I have to admit the move came as a bit of a surprise to me -- mainly because of all the useless figures in publishing the 'literary' agent -- the ultimate in middle-men -- has always struck me as the most useless.
Sure, everyone can now self-publish, so publishers are also hanging on by some very dubious threads, but they seem to have some advantages that, if they ever get their act together, might allow them to continue in business (distribution advantages, marketing clout, reputation (yes, I can hardly keep from laughing as I write it, but ...); but 'literary' agents ? they seem entirely pointless.

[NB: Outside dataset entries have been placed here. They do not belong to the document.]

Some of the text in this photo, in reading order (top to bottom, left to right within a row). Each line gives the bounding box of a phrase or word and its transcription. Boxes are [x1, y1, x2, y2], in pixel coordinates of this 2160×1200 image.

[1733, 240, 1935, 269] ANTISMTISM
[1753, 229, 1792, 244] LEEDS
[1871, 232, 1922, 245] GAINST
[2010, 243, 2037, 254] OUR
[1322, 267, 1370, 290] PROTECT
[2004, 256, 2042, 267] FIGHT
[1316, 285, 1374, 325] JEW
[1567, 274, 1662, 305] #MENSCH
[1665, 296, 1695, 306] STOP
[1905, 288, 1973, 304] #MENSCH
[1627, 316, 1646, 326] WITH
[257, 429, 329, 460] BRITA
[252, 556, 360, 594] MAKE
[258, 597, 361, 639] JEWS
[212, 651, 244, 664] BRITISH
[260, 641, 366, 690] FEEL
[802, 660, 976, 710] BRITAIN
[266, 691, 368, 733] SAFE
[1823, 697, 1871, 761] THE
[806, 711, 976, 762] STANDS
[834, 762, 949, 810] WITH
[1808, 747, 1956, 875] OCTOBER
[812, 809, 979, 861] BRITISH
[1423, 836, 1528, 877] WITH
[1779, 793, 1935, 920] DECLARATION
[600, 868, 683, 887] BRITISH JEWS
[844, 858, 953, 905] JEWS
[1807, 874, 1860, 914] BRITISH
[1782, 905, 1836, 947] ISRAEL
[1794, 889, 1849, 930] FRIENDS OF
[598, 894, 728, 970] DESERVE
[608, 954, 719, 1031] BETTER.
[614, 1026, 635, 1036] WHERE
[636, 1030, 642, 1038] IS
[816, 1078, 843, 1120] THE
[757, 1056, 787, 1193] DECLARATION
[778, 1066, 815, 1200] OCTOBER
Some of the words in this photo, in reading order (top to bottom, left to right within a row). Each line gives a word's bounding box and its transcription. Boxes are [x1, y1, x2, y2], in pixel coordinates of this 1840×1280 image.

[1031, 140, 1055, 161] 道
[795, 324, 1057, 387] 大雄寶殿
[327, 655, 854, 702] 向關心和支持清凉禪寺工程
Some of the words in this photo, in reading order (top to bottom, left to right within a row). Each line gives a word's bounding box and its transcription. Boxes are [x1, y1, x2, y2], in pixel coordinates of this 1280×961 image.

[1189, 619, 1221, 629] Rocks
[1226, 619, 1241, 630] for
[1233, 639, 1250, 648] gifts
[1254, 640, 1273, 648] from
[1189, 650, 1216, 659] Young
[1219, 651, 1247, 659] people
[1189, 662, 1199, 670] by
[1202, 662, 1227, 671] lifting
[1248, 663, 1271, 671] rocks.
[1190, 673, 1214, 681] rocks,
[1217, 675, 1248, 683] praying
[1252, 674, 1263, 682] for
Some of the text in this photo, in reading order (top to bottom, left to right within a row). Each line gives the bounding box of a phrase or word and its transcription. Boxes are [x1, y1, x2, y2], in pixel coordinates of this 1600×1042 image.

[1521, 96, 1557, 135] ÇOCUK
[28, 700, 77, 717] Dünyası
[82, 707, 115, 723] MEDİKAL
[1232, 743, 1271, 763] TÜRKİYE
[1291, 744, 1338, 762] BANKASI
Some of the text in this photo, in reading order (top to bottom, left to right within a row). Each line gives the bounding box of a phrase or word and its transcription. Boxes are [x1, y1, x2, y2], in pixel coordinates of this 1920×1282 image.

(And yet they've made themselves ... well, indispensable and central -- or at least made publishers (and authors) treat them as such.
I hope they enjoy their run while it lasts: I can't see that being long.)
And, yes, I never figured one would do what turns out to be the obvious end-run and simply knock out that other relatively superfluous middleman, and become publishers (or at least the semblance thereof) themselves.
It is an inspired move -- though I think the estates (and the few living clients) that signed on are absolutely nuts in this case (on the other hand, they're all earning enough that they can live with experiments like this).
So, of course, the reactions have been pouring in.
Alison Flood's Celebrated authors bypass publishing houses to sell ebooks via Amazon in The Guardian is a good introductory overview, but things have gotten better since then.
John Sargent's Macmillan Response to Wylie Exclusive Publishing Deal focuses on the major flaw in Wylie pretending to be a publisher:
I am appalled, however, that Andrew has chosen to give his list exclusively to a single retailer.
A basic tenet of publishing is that our function is to reach as many readers as we can.
Actually reach readers ?
There's an idea -- but it's never been Wylie's (as I have often complained).
Wylie only sees dollar signs -- though often his gaze is very, very short-sighted.
This time too.
As Black Plastic Glasses already noted in a post (via) last week:
By attacking ebook royalties in this manner, a trap is set by those seeking to maximize short-term profits at the expense of all else.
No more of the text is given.